Profile

Martin works on CircEUlar, a European project across 10 Universities in six different countries, led by Dr Volker Krey at IIASA in Vienna. This will forecast total GHG emissions across Europe to 2050 based on flows of materials across buildings, industry and mobility. Martin is currently working on a study of digitalisation in the building industry to understand how digital technologies are likely to reduce the embodied or operational carbon of buildings through to 2050. 

Martin has recently completed a study about whether the impact of digital technologies can significantly influence the quality of recycling of plastics, steel and aluminium to reduce downcycling of these materials, consequently reducing the need to mine virgin metal and its sizeable associated emissions.

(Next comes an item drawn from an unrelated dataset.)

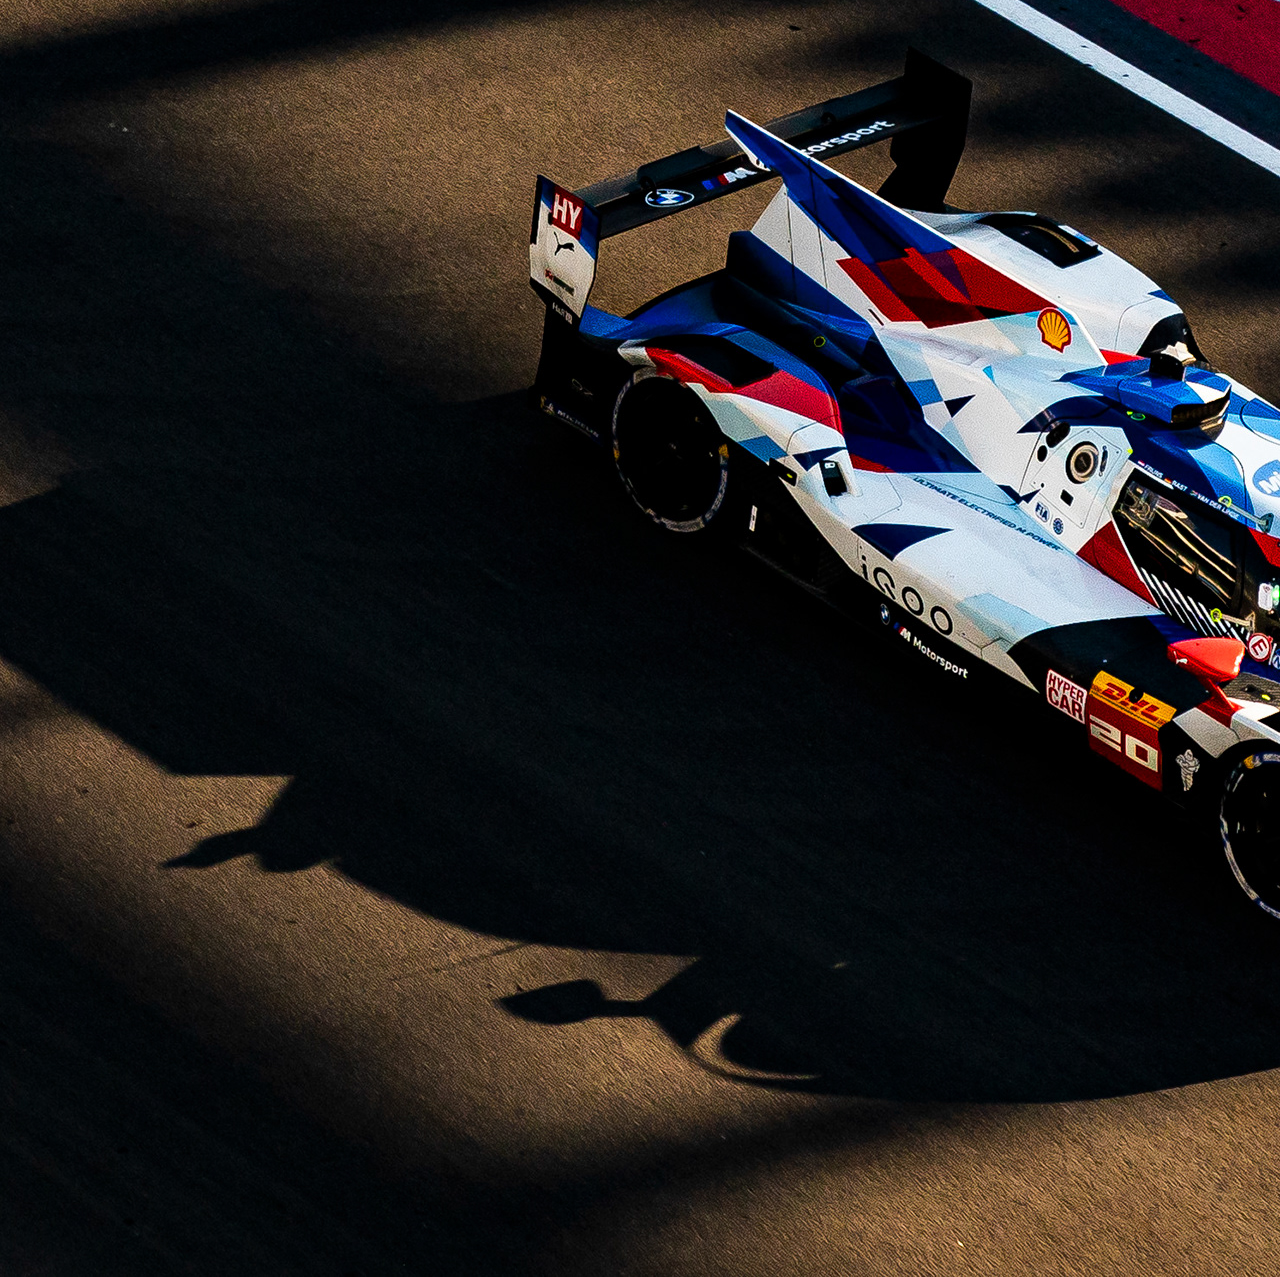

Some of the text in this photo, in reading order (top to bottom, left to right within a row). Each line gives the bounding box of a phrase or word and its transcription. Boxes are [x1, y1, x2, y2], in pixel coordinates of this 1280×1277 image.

Prior to this he worked for the University of Manchester on plastics recycling in the UK: specifically, on the changes required to systems to improve the rate of packaging recycling. The project worked from a premise that the rate would only improve if the public threw all plastics into one bin, implying that systems must sort the resulting mix. The project is best known by its moniker "One Bin to Rule Them All".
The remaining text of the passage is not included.